> _Data for review_:
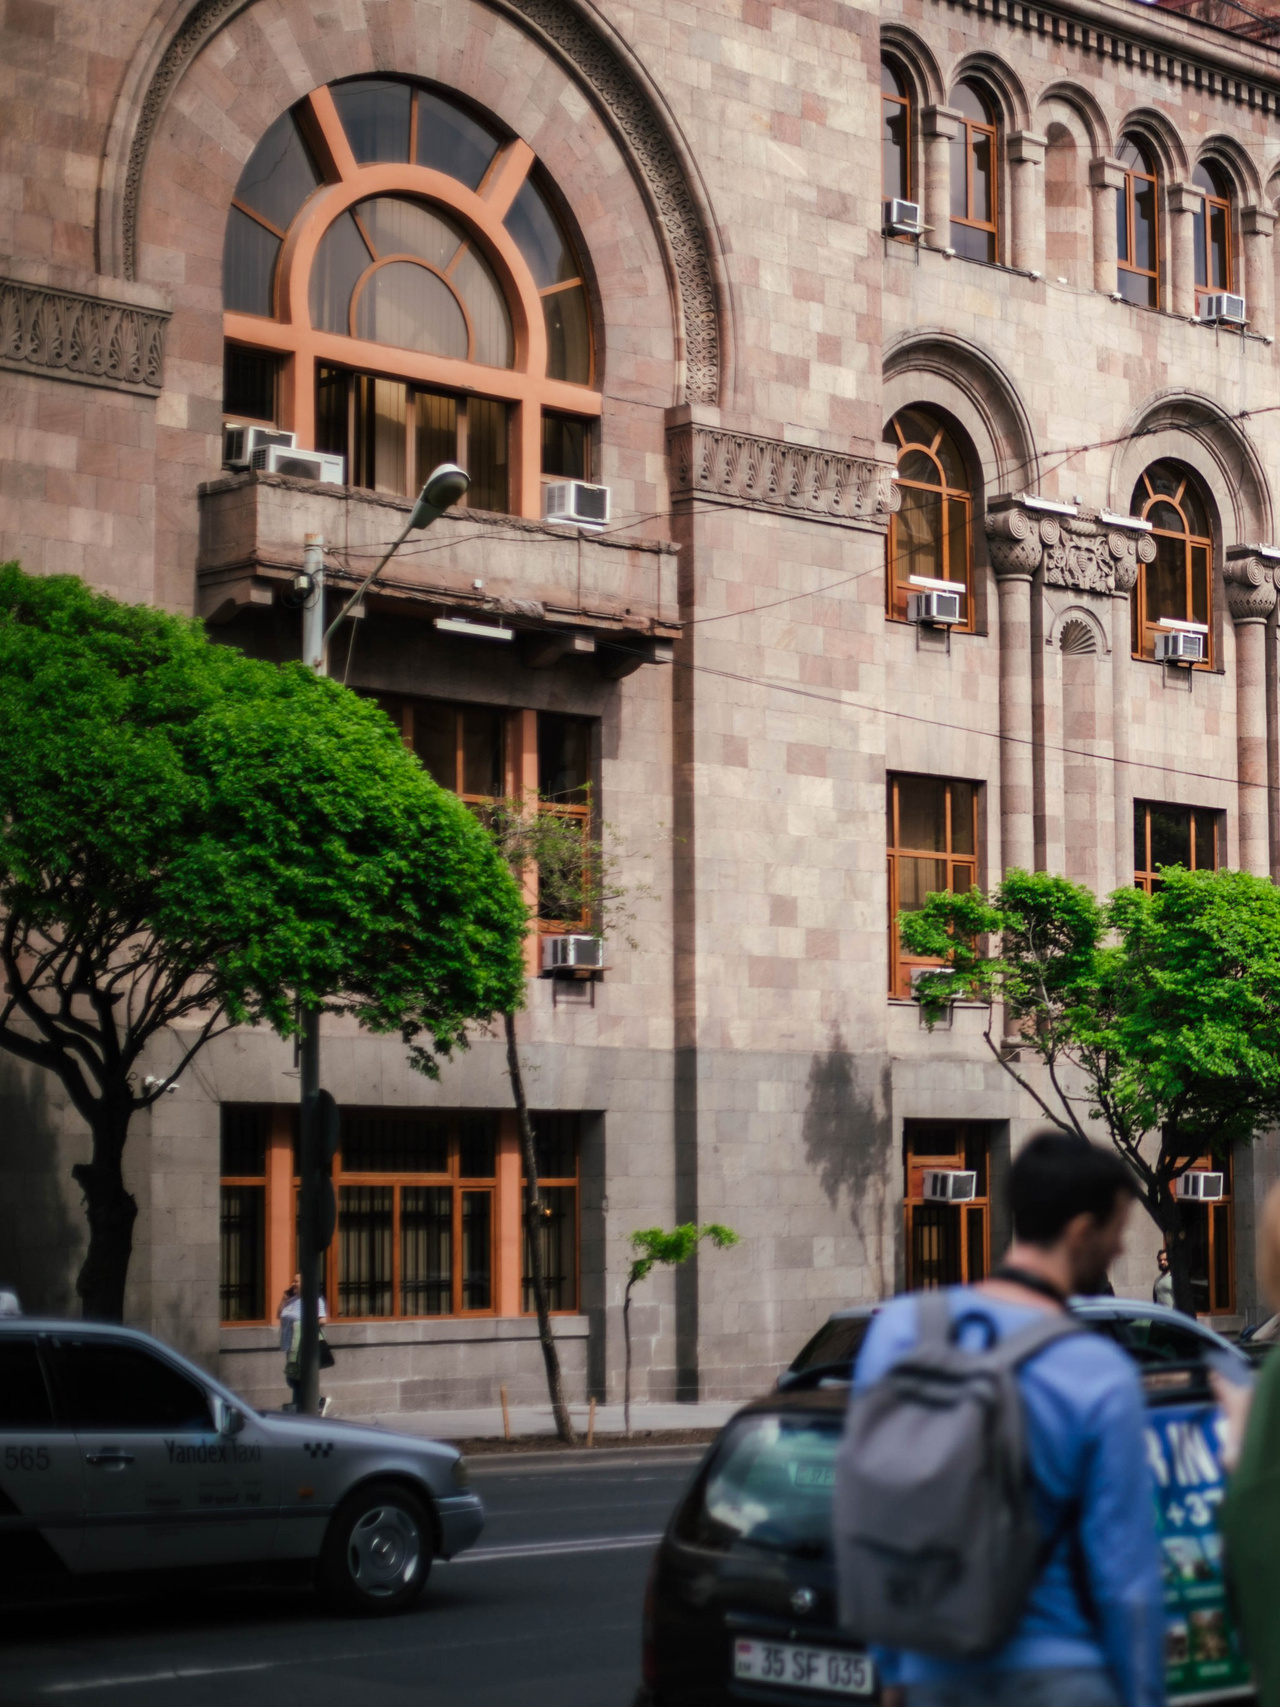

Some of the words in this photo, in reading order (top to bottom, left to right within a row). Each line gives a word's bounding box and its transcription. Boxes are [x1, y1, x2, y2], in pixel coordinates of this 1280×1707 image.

[5, 1446, 50, 1471] 565
[164, 1439, 227, 1464] Yandex
[228, 1438, 261, 1463] Taxi
[761, 1647, 785, 1678] 35
[792, 1650, 820, 1681] SF
[828, 1655, 866, 1687] 035

> _What this task involves_: Without including any pictures, repeat the records above exactly.

> _Answer to this task_:
Some of the words in this photo, in reading order (top to bottom, left to right within a row). Each line gives a word's bounding box and its transcription. Boxes are [x1, y1, x2, y2], in pixel coordinates of this 1280×1707 image.

[5, 1446, 50, 1471] 565
[164, 1439, 227, 1464] Yandex
[228, 1438, 261, 1463] Taxi
[761, 1647, 785, 1678] 35
[792, 1650, 820, 1681] SF
[828, 1655, 866, 1687] 035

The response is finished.